Sony WH-1000XM5 Screenshots
Auf spezielle Klangeffekte verzichtet der WH-1000XM5. Er nutzt 30-mm-Kohlefaserverbund-Kalotten ähnlich den Hochton-Kalotten mancher Lautsprecher. Ein großer Schwachpunkt ist allerdings das Fehlen von aptX. Dafür ist der Sony-eigene LDAC-Codec an Bord, welchen die meisten aktuellen Android-Smartphones unterstützen. Für Apple-Nutzer bietet der Sony-Kopfhörer AAC.
Beim Hi-Res-Player Onkyo DP-X1 wäre sogar aptX HD geboten, jedoch kein AAC und damit bleibt für einen Hi-Res-Player und einen Hi-Res-Kopfhörer nur SBC auf dem Level eines 20-€-Billig-Bluetooth-Hörers. Beim aktuellen Kopfhörer-Flaggschiff in zwei Klangprozessoren und Systeme wie DSEE Extreme zur Klangverbesserung zu investieren, doch dann die Kosten für eine aptX-Lizenz zu verzichten, ist unverständlich.
Immerhin muss man dem Klangverbesserungssystem zugestehen, auch aus SBC und Musikquellen schlechter Bitrate einen durchaus ansprechenden, luftigen Klang mit entspannt und nicht künstlich klingenden Hi-Hat-Höhen zu zaubern. Trotzdem wäre eine originalgetreue Wiedergabe immer noch besser als eine intelligent rekonstruierte.
Wer also ein Android-Phone mit LDAC-Unterstützung verwendet oder ein iOS-Gerät mit AAC nutzt, bekommt einen hervorragenden Klang, dem kaum ein anderer Kopfhörer dieser Preiskategorie etwas vormacht.
Preis
Mit knapp 420 Euro Listenpreis und einem Straßenpreis ab 330 Euro ist der WH-1000XM5 kein Schnäppchen, doch auch nicht unbezahlbar.

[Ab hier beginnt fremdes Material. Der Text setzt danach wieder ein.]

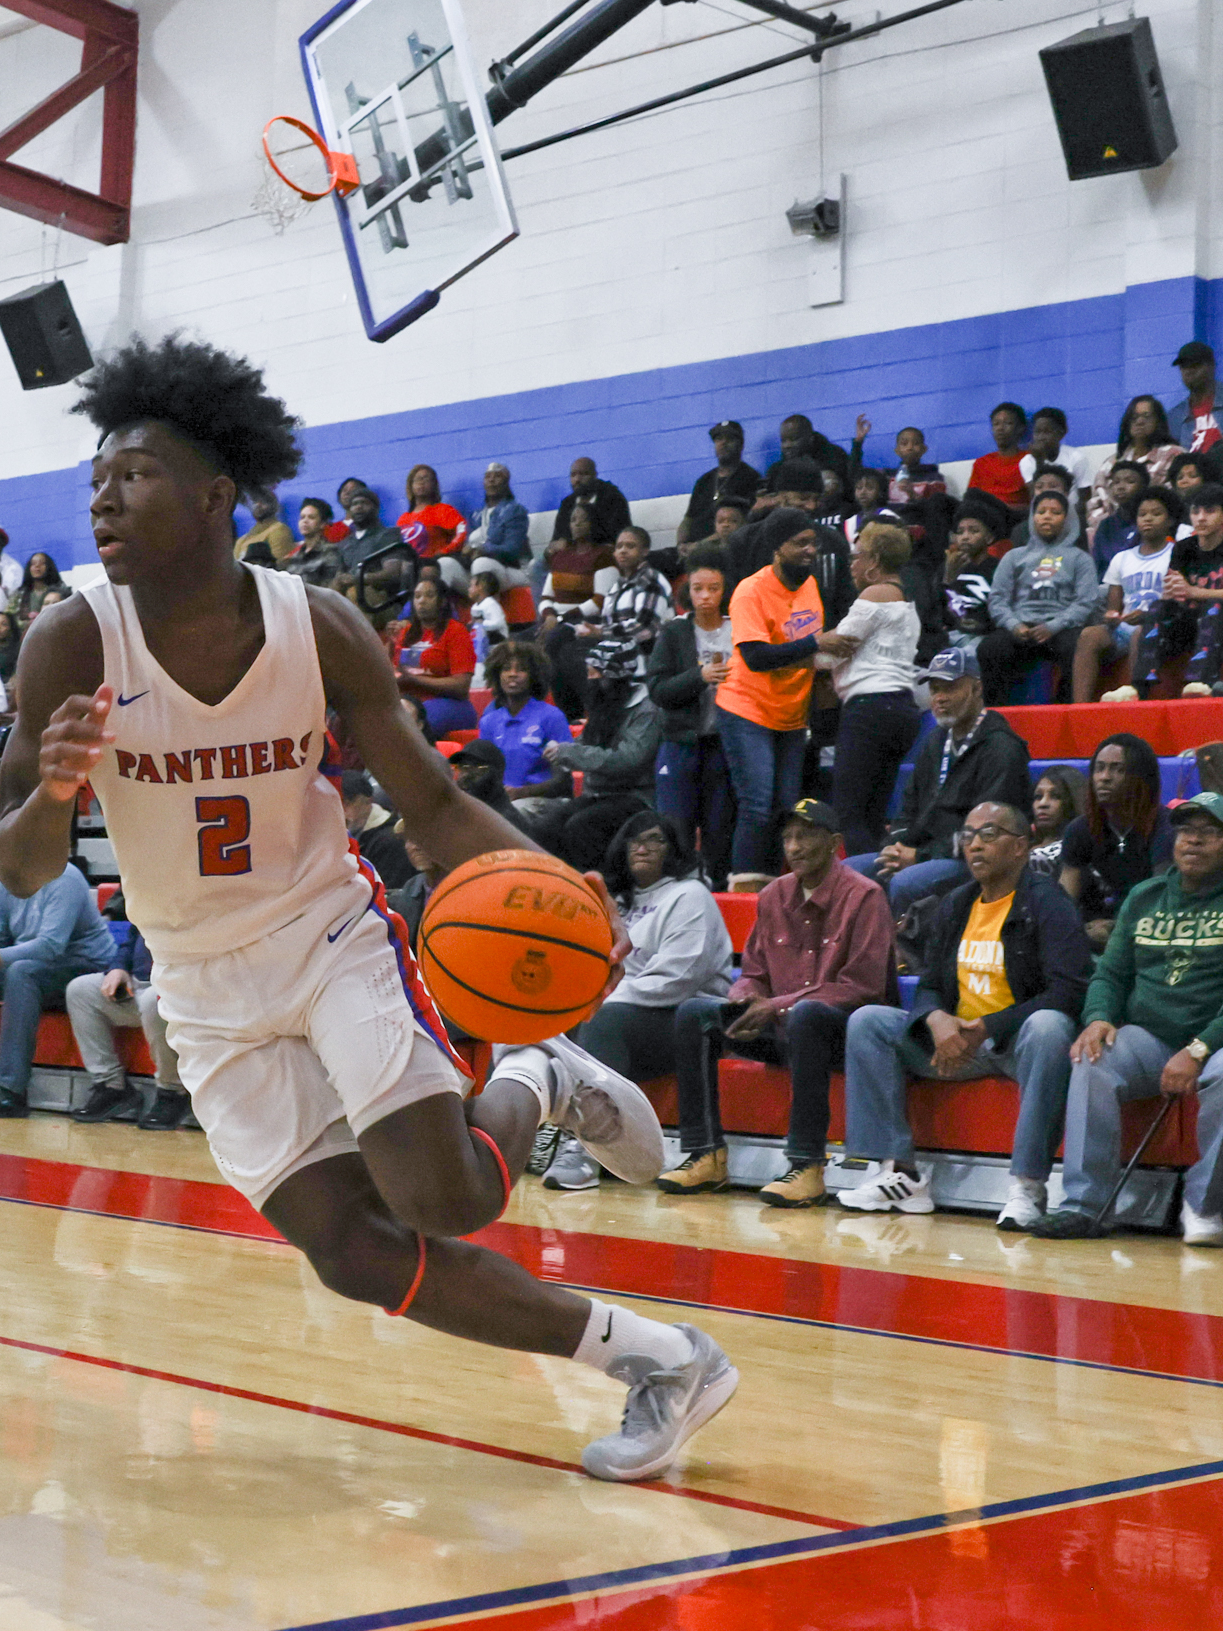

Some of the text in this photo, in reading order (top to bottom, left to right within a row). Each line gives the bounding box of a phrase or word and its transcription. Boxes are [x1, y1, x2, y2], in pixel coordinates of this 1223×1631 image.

Dass er vom Material her nicht so wertig erscheint, wird vom Tragekomfort und der Robustheit mehr als aufgewogen und macht ihn auch tauglich für den täglichen Außeneinsatz. Er ist auch eine Anschaffung, die wenig an Wert verliert: Die Vorgängermodelle sind auch nur wenig günstiger im Handel.
Fazit
Das ANC und der Tragekomfort des Sony WH-1000XM5 sind beeindruckend, der Klang ebenso und die App endlich mal mehr als nur lästiges Beiwerk. Man bekommt für sein Geld ein Produkt auf dem aktuellen Stand der Technik, das alltagstauglich ist, auch über viele Stunden nicht anstrengt und vielseitig verwendbar ist – nicht nur zum Musik hören.
Allerdings sollte man darauf achten, dass einem die kleinen Schwächen des Kopfhörers wie der etwas strenge Geruch nicht den Spaß vermiesen. Für einen zukünftigen Sony WH-1000XM6 gäbe es also noch Verbesserungspotential.